To those who’d been watching the odds on Polymarket, Kalshi, PredictIt and similar betting sites over the course of the year, the results were long within the realm of possibility.
“The markets were far and away the best forecast of the 2024 election,” said Koleman Strumpf, a professor of economics at Wake Forest University in North Carolina. “While pollsters said ‘too close to call’ (or [Democratic nominee Kamala] Harris is favored), markets identified Trump as the favorite.”
The vindication comes after several weeks in which the mainstream media harped on the theory that Polymarket, which runs on crypto rails and has seen billions of dollars in trading volume this year, was being manipulated by pro-Trump forces to inflate his odds.
“None of the hysterical claims about how markets would damage democracy or other woes came to pass,” Strumpf said.
Although the Associated Press (traditionally the gold standard) had not called the race in the wee small hours of the morning Wednesday, Polymarket was giving Republican candidate Donald Trump a 98.8% chance of re-taking the White House, up from about 60% 24 hours earlier.
For most of the late summer and fall, polls were giving the edge – albeit small and sometimes within the margin of error – to Democrats.
But by 1:25 a.m.
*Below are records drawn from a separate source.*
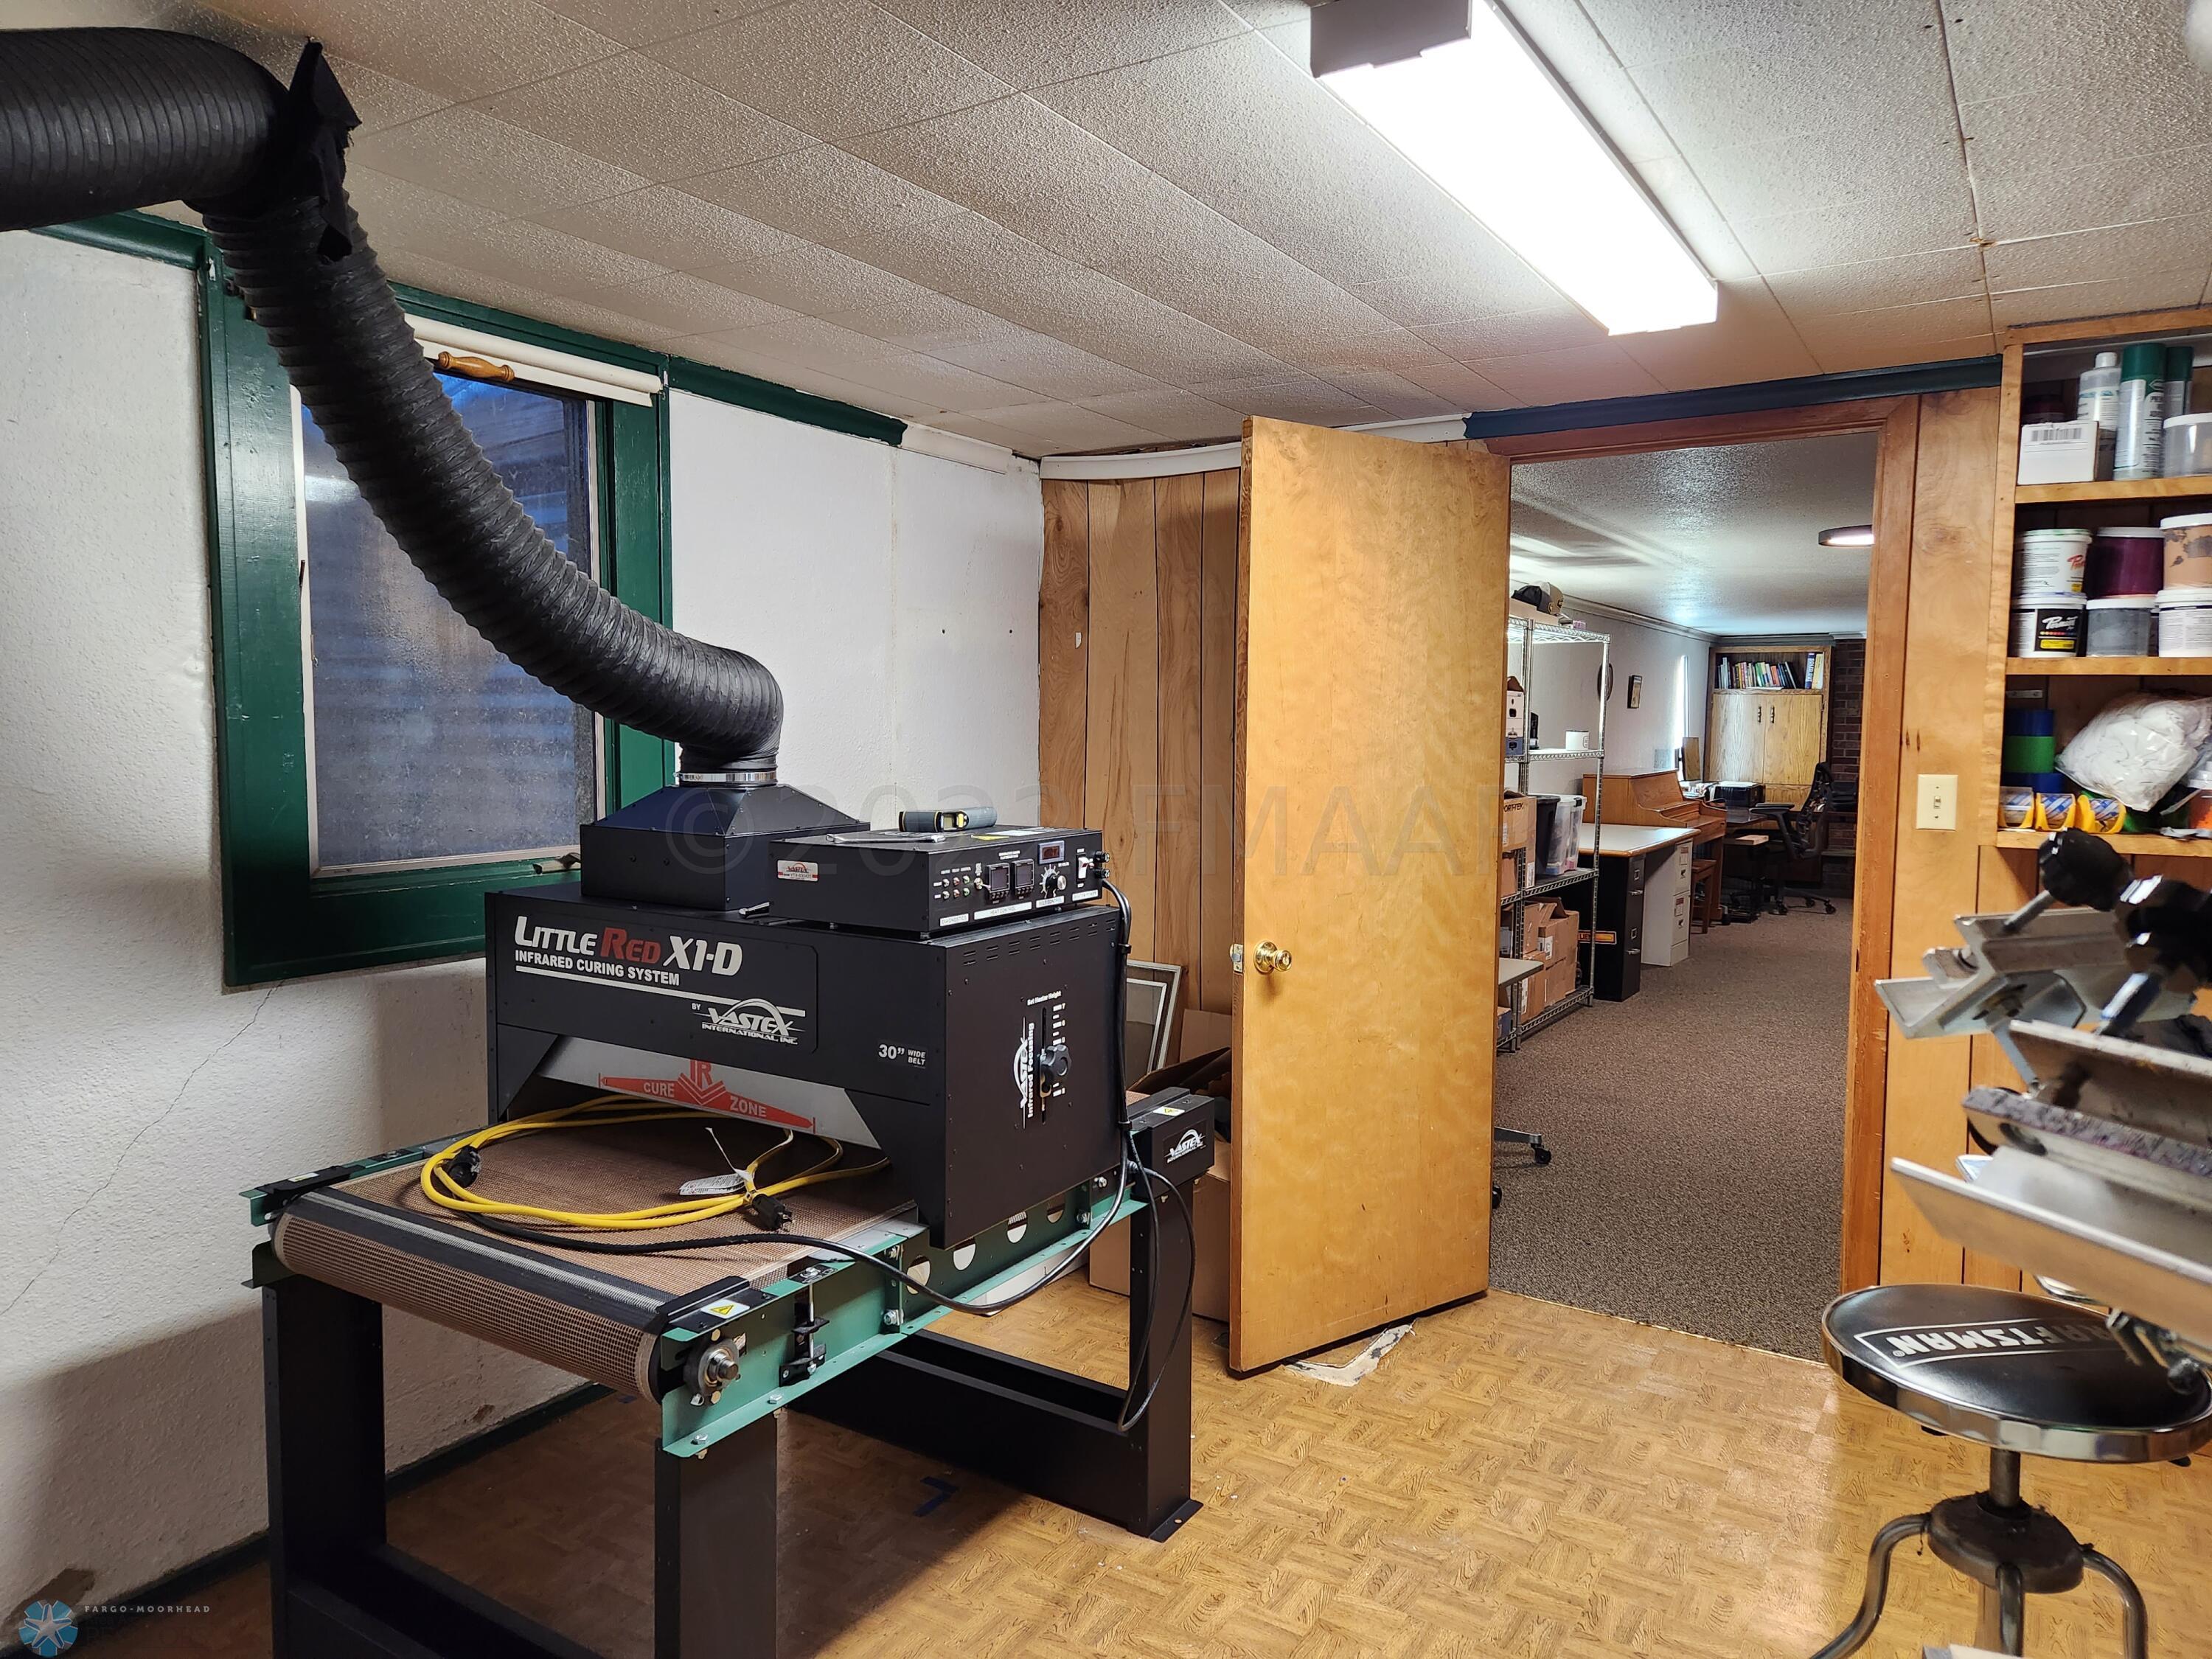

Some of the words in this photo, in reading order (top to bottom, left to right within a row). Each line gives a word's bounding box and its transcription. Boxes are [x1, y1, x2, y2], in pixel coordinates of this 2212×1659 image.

[515, 916, 598, 956] LITTLE
[600, 927, 661, 964] RED
[664, 935, 742, 976] X1-D
[515, 950, 573, 970] INFRARED
[577, 960, 624, 978] CURING
[627, 966, 680, 987] SYSTEM
[692, 1003, 701, 1011] BY
[708, 999, 794, 1036] VASTEX
[908, 1049, 926, 1059] WIDE
[908, 1057, 926, 1065] BELT
[643, 1082, 675, 1098] CURE
[730, 1095, 768, 1118] ZONE
[1169, 1130, 1203, 1158] VASTEX
ET Wednesday, even the New York Times, hardly in the tank for Trump, was giving him a greater than 95% chance of victory. The newspaper’s online “needle” was forecasting he would win 306 electoral votes – well more than the 270 needed to win.
None of this is to say that polls and other forecasting methods still don’t have their place, as even proponents of prediction markets were quick to point out.
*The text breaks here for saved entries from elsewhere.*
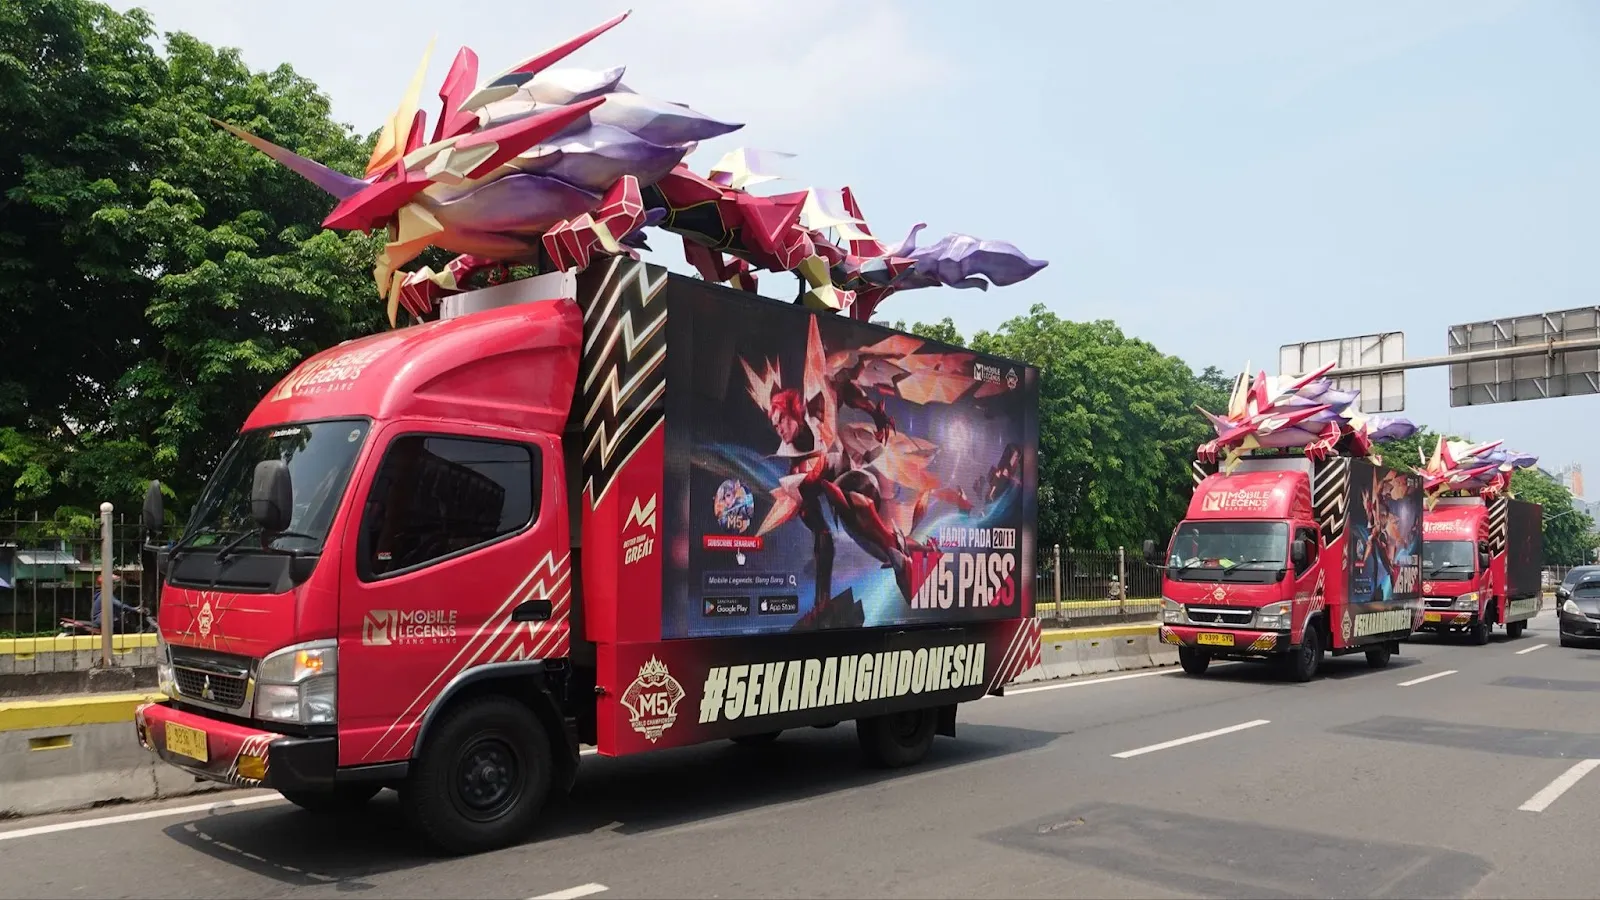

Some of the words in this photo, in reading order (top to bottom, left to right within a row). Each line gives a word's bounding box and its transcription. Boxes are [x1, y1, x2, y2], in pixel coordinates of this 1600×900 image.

[300, 364, 366, 387] LEGENDS
[1227, 489, 1270, 499] MOBILE
[1225, 499, 1268, 507] LEGENDS
[727, 514, 743, 529] M5
[940, 527, 967, 548] HADIR
[968, 528, 991, 548] PADA
[993, 528, 1015, 549] 20/11
[625, 537, 655, 565] GREAT
[708, 576, 728, 584] Mobile
[754, 576, 770, 586] Bang
[769, 576, 785, 586] Bang
[911, 551, 954, 610] M5
[958, 552, 1016, 608] PASS
[716, 604, 736, 615] Google
[736, 604, 749, 614] Play
[768, 604, 781, 613] App
[781, 603, 796, 612] Store
[400, 609, 458, 624] MOBILE
[399, 625, 457, 638] LEGENDS
[698, 642, 986, 723] #5EKARANGINDONESIA
[639, 691, 669, 718] M5
“The lesson is that markets are great and forecasts are an input to those markets,” said Haseeb Qureshi, a managing partner at Dragonfly (and investor in Polymarket). “Both are valuable, and in this case they didn’t disagree by much. But markets were probably adding in some alpha into the raw forecasts that was missing.”
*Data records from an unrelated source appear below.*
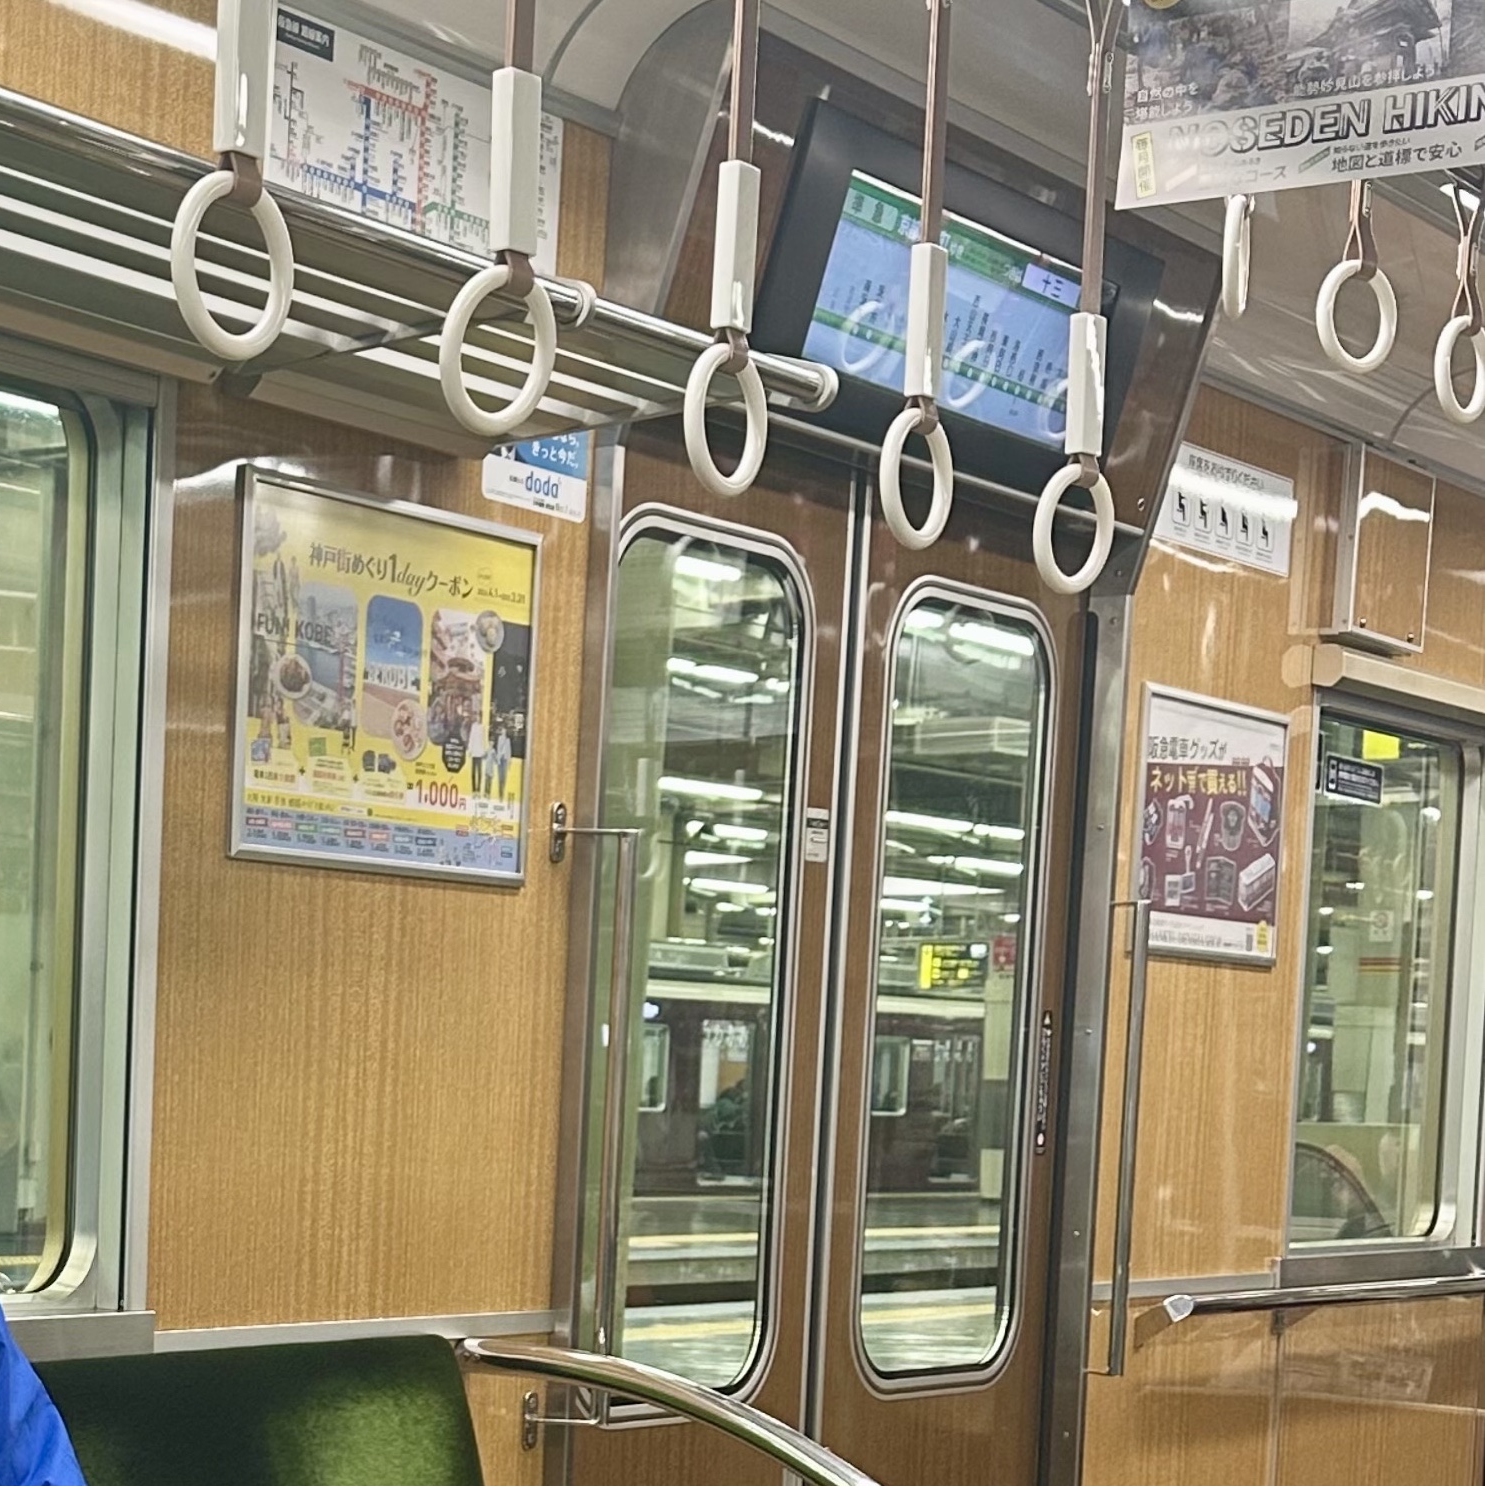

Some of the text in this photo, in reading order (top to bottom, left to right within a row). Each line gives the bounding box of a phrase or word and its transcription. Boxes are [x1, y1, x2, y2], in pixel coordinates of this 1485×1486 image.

[1167, 98, 1372, 158] NOSEDEN
[1331, 141, 1463, 173] 地図と道標で安心
[1042, 274, 1065, 299] 十三
[525, 470, 560, 499] doda
[309, 542, 474, 599] 神戸街めぐり1dayクーポン
Aaron Brogan, a lawyer who has studied prediction markets, cautioned against making sweeping conclusions from the fresh data.
“This outcome is consistent with both the prediction market accuracy and an unremarkable polling error modestly biasing traditional polling aggregates,” Brogan said. “Polling aggregators felt this race could swing either way, so this correct prediction market outcome could easily be the result of pure chance. While this result is vindicating for prediction markets, the hypothesis that highly liquid markets produce reliable election signal[s] is best demonstrated over time across a number of races.”
Nevertheless, participants in these markets could be forgiven for feeling vindicated right now.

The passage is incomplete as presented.